On Thursday, August 27, a couple of us got on a phone call with Helen Chin, assistant to the city manager on homelessness. A lot of people wonder why we need this “homeless czar” but the answer is relatively simple. Recent court decisions have made it very difficult to enforce vagrancy and camping laws, and activists have made sure cities abide by those laws. This issue came to our city last July, when we changed our own city policy to match Los Angeles policy under the 405.
What was once a very simple affair is now a nearly impossible task. If someone sleeps on our streets, and they don’t want to move, we can’t make them.

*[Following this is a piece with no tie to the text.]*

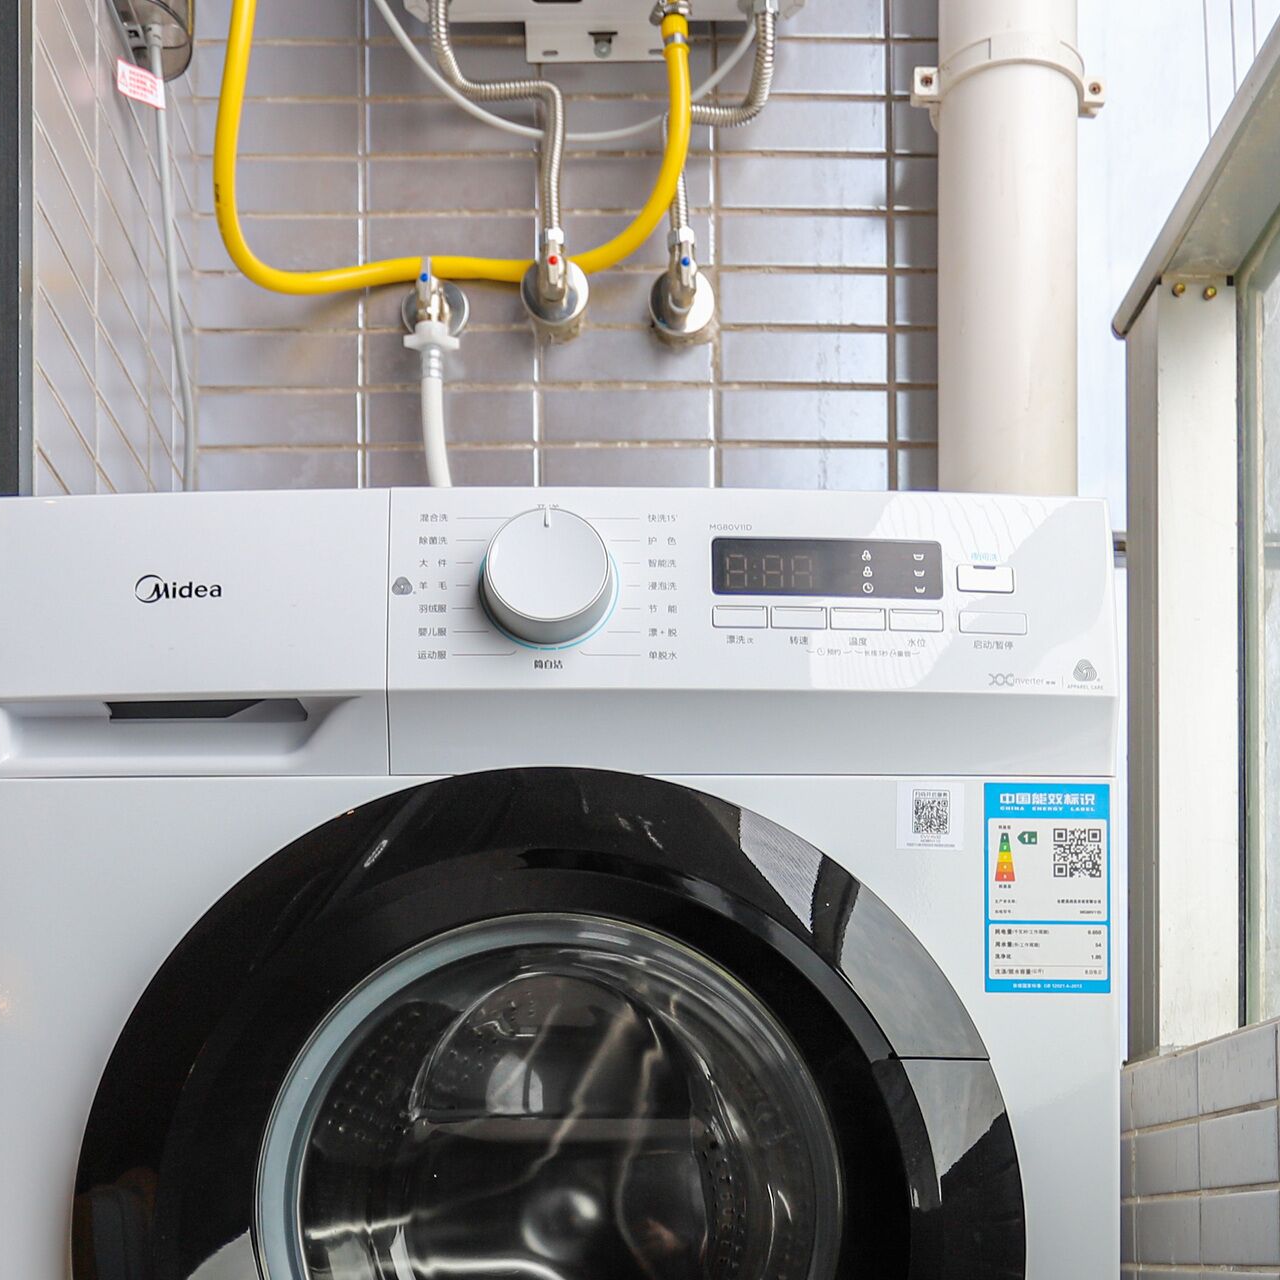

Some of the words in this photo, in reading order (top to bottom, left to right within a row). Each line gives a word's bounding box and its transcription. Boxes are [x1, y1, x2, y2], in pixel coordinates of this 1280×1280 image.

There are guidelines our city can meet, and things we can do to nudge people off the streets and get them into shelters or programs. It is now a complicated process involving coordination among several departments – police, code enforcement, mental health, and a couple others. Ms. Chin’s job is to act as central point for all these departments in dealing with transients on our streets.
A recent federal court ruling has given us a ray of hope – a judge ordered that freeway underpasses in LA County be cleared from transient camps. The ruling itself is actually far more complicated than it sounds, but we found it worth discussing with Ms. Chin. We had some good takeaways from the discussion.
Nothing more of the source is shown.